== Recorded data ==
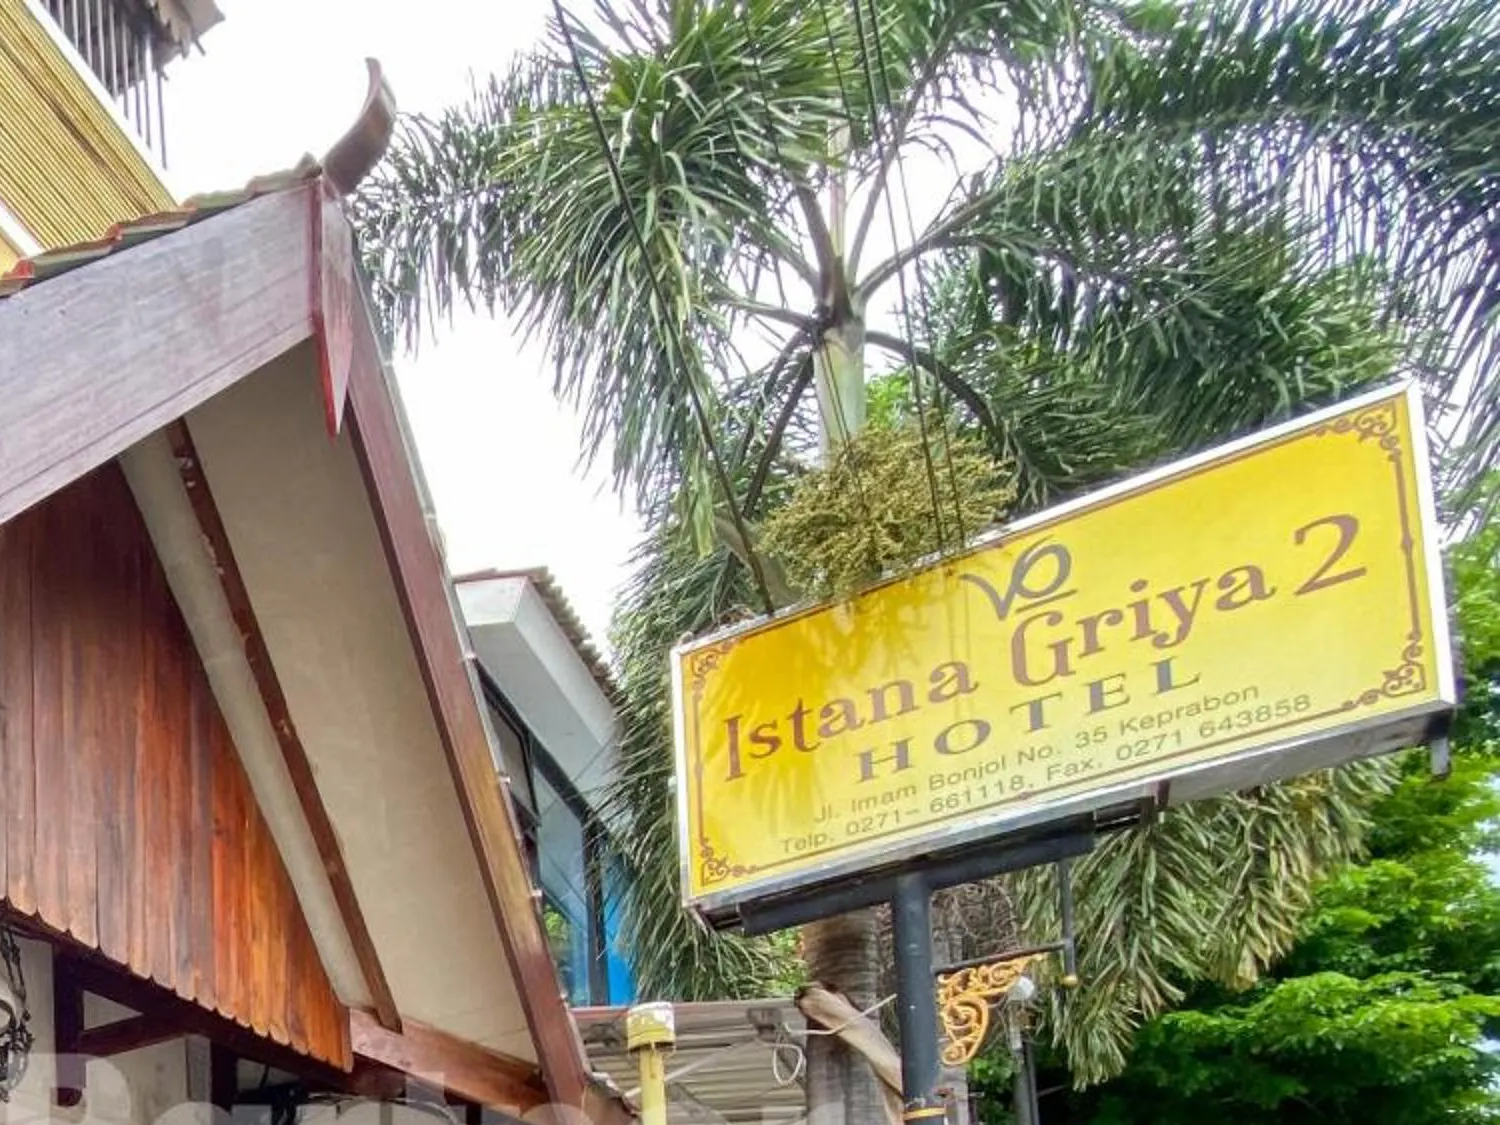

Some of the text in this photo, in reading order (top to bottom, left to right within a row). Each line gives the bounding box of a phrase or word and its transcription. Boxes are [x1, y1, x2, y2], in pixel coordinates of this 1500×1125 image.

[723, 513, 1368, 783] Istana Griya 2
[850, 784, 918, 813] Imam
[928, 754, 1007, 791] Bonjol
[1017, 744, 1062, 766] No.
[1074, 724, 1109, 749] 35
[1118, 684, 1261, 737] Keprabon
[855, 655, 1201, 783] HOTEL
[1046, 758, 1104, 782] Fax.
[1114, 728, 1184, 762] 0271
[1198, 692, 1313, 739] 643858
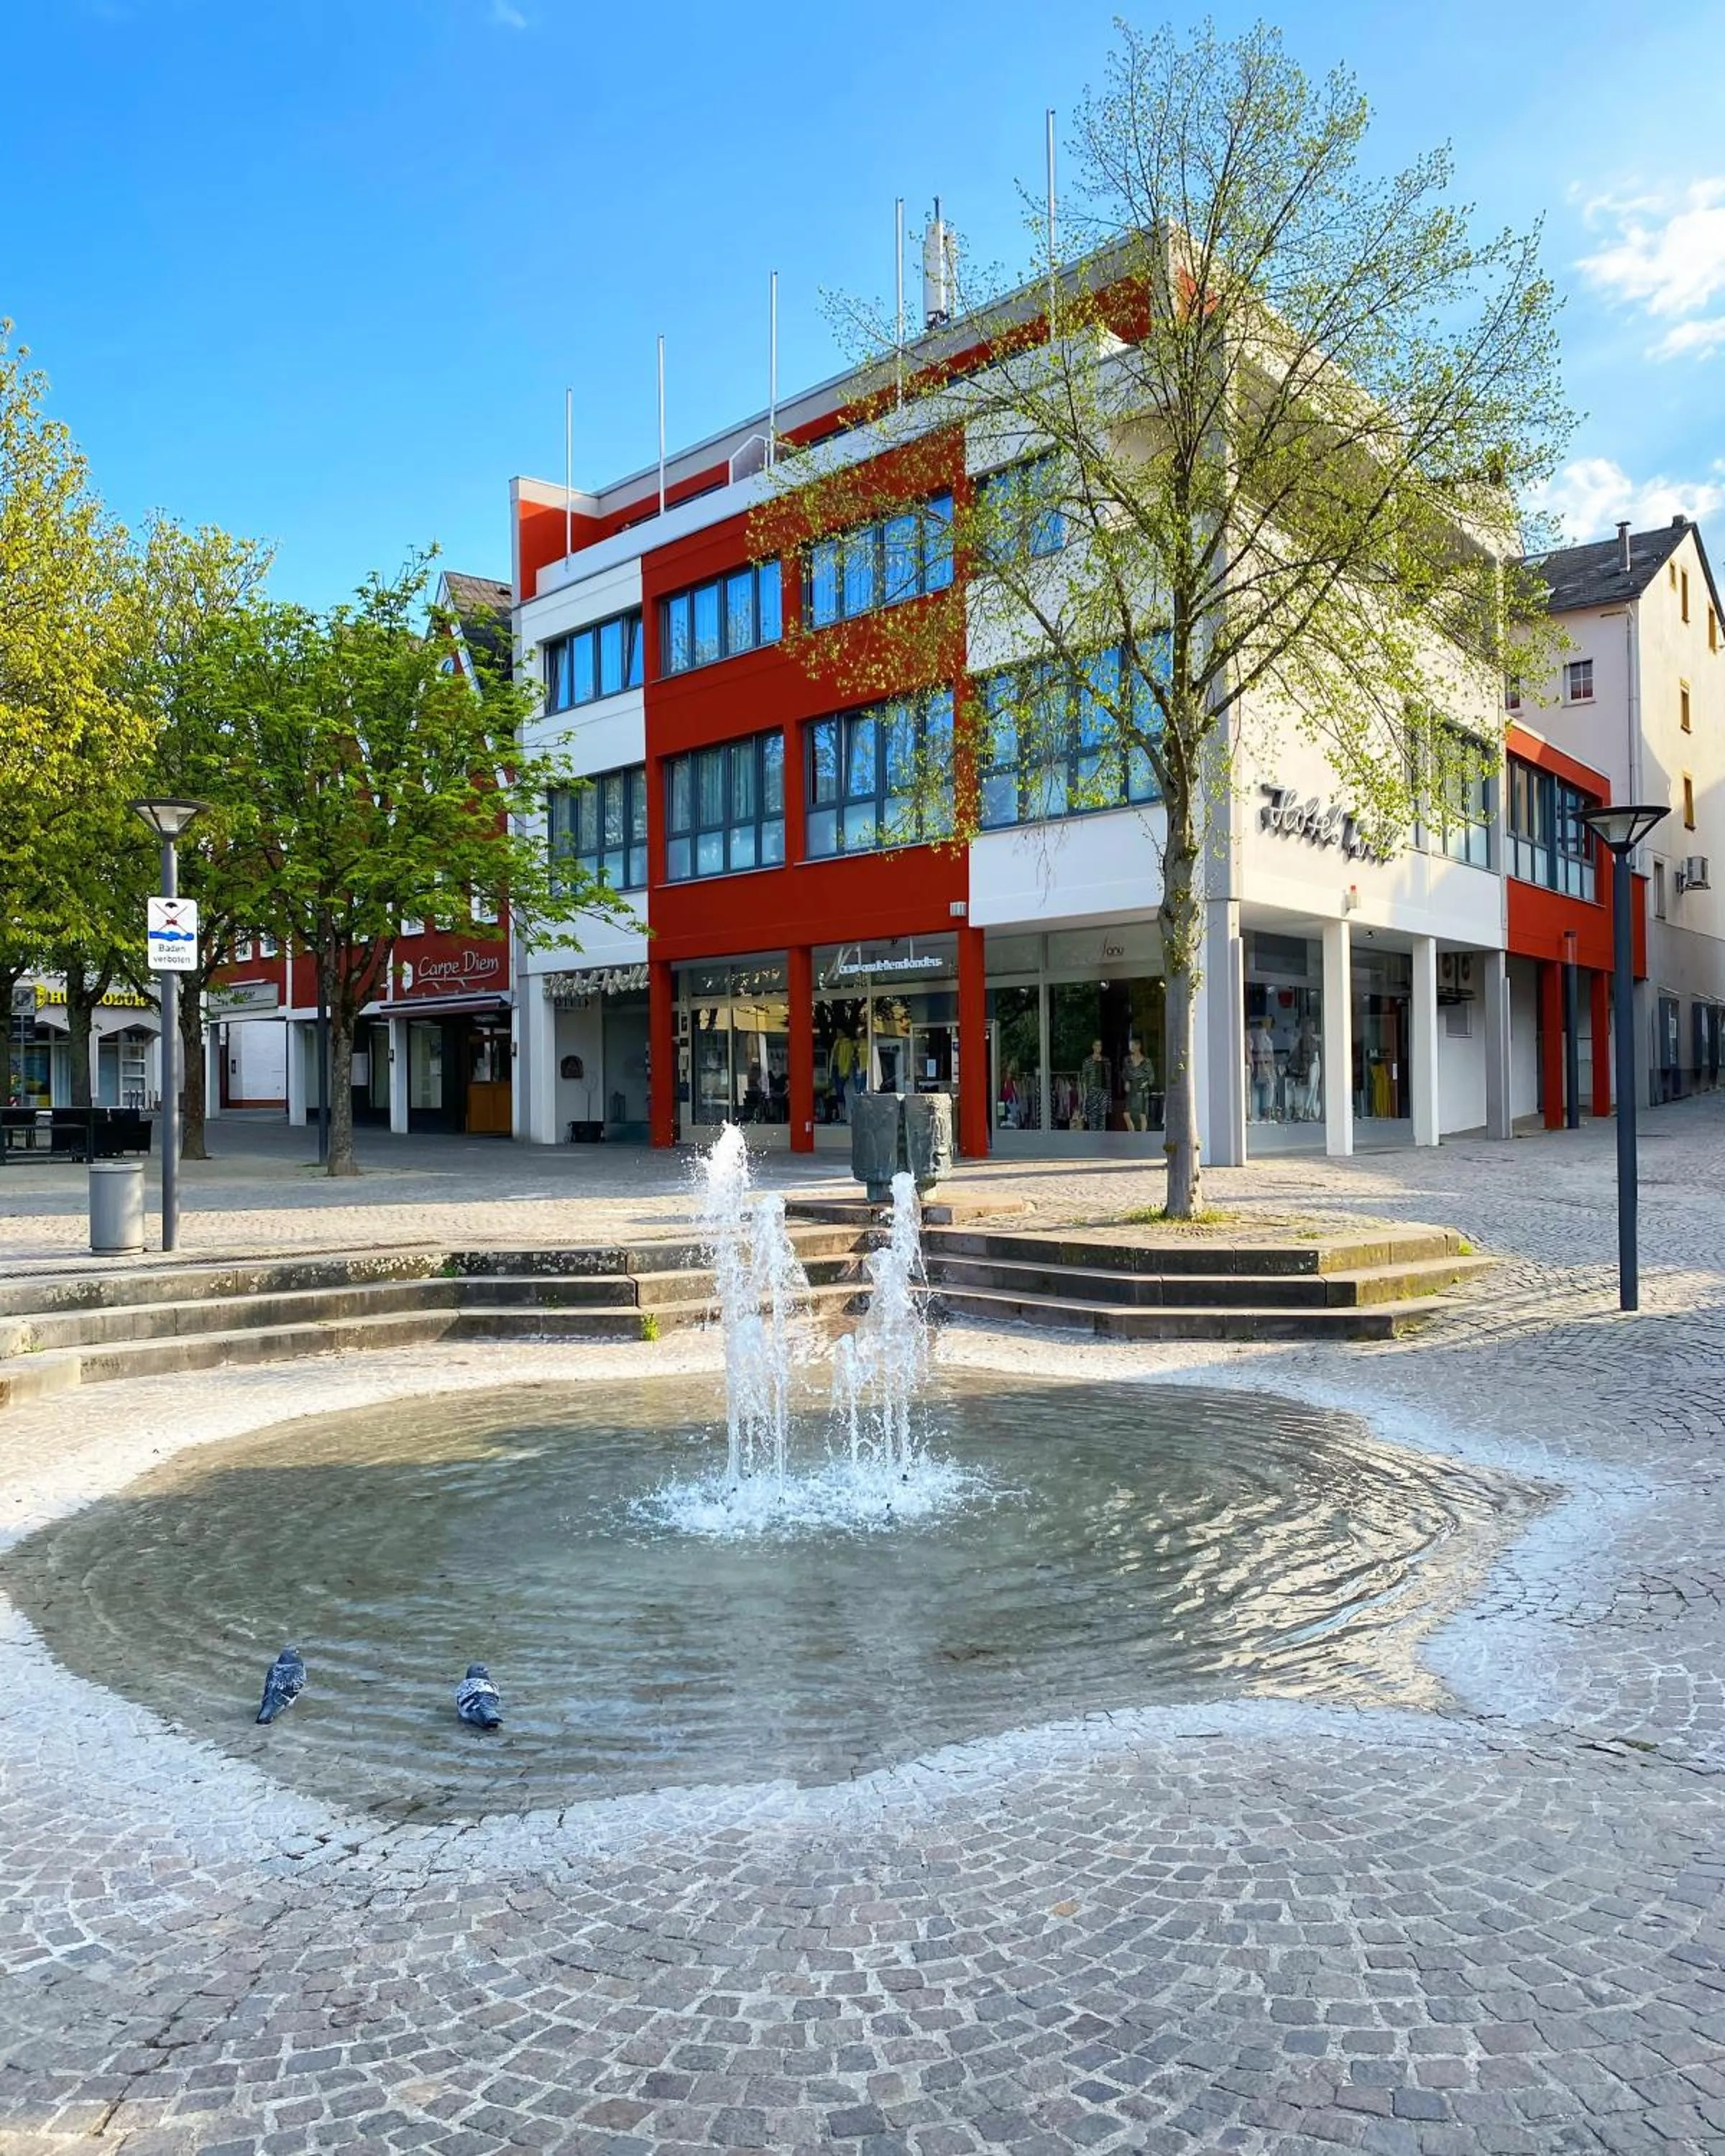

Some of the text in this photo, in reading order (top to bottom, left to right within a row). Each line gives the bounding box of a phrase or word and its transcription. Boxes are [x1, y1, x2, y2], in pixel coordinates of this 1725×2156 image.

[1257, 783, 1343, 847] Hotel
[159, 944, 186, 952] Baden
[418, 951, 499, 982] Carpe Diem
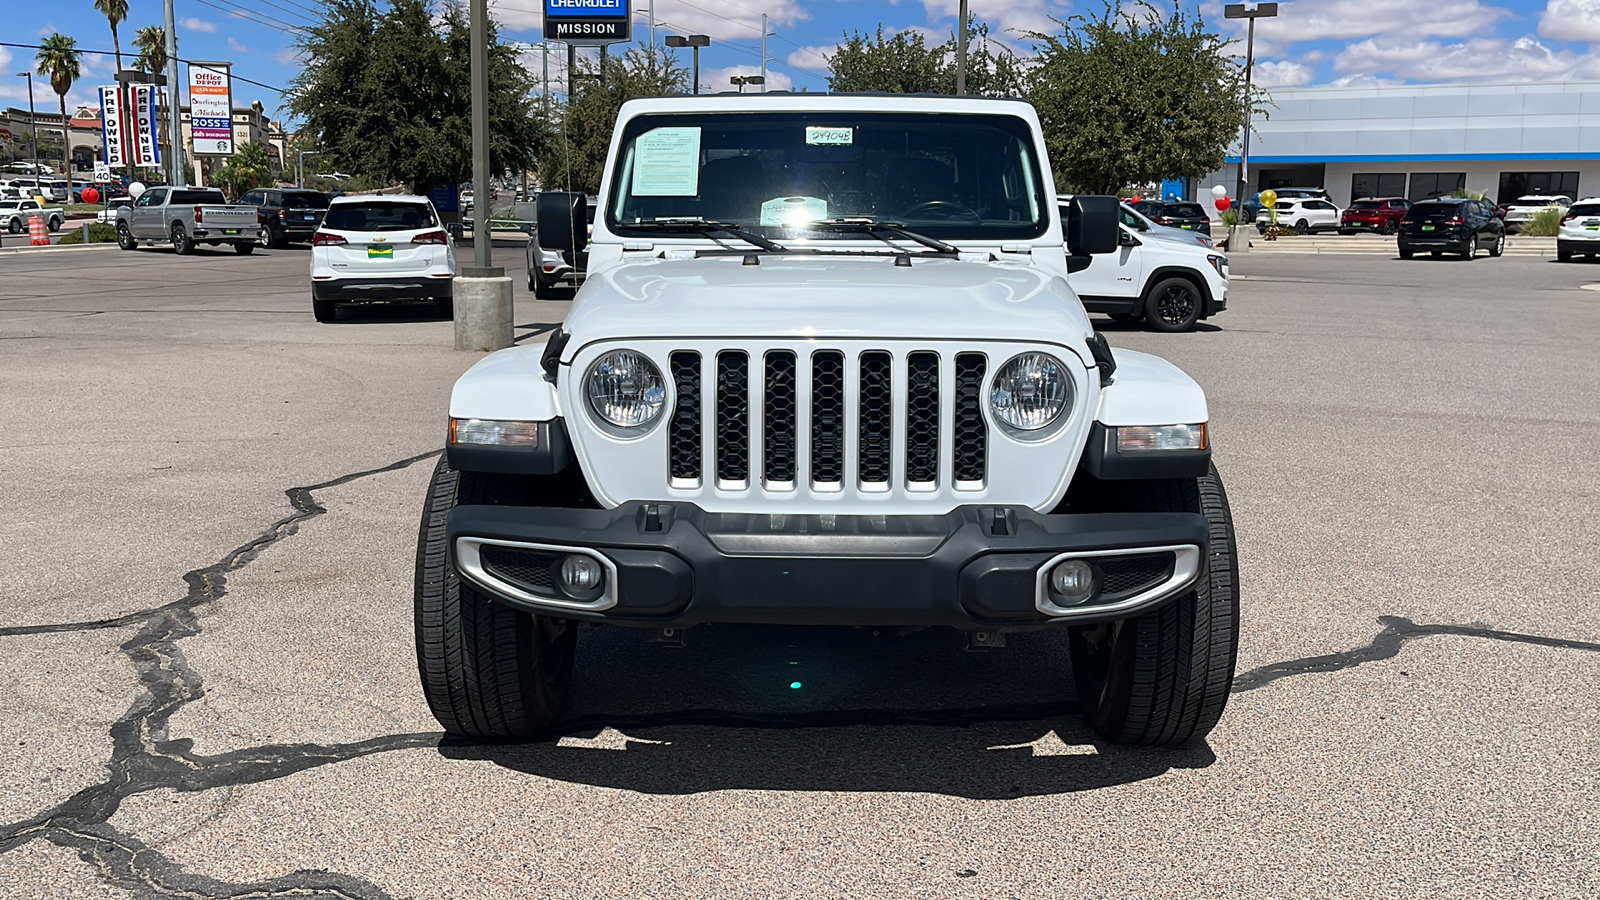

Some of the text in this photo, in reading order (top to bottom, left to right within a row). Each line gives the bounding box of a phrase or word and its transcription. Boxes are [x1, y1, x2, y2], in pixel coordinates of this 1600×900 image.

== Your instructions ==
The pictures in the listing above are to be dropped, and everything else reproduced exactly.

== Response for this exercise ==
Some of the text in this photo, in reading order (top to bottom, left to right within a row). Each line gives the bounding box of a phrase or word and its transcription. Boxes are [x1, y1, x2, y2], in pixel coordinates of this 1500×1125 image.

[723, 513, 1368, 783] Istana Griya 2
[850, 784, 918, 813] Imam
[928, 754, 1007, 791] Bonjol
[1017, 744, 1062, 766] No.
[1074, 724, 1109, 749] 35
[1118, 684, 1261, 737] Keprabon
[855, 655, 1201, 783] HOTEL
[1046, 758, 1104, 782] Fax.
[1114, 728, 1184, 762] 0271
[1198, 692, 1313, 739] 643858

Some of the text in this photo, in reading order (top to bottom, left to right within a row). Each line gives the bounding box of a phrase or word and its transcription. Boxes are [x1, y1, x2, y2], in pixel coordinates of this 1725×2156 image.

[1257, 783, 1343, 847] Hotel
[159, 944, 186, 952] Baden
[418, 951, 499, 982] Carpe Diem

Some of the text in this photo, in reading order (top to bottom, left to right within a row). Each line gives the bounding box of a phrase or word and its transcription. Boxes are [x1, y1, x2, y2], in pixel coordinates of this 1600×900 image.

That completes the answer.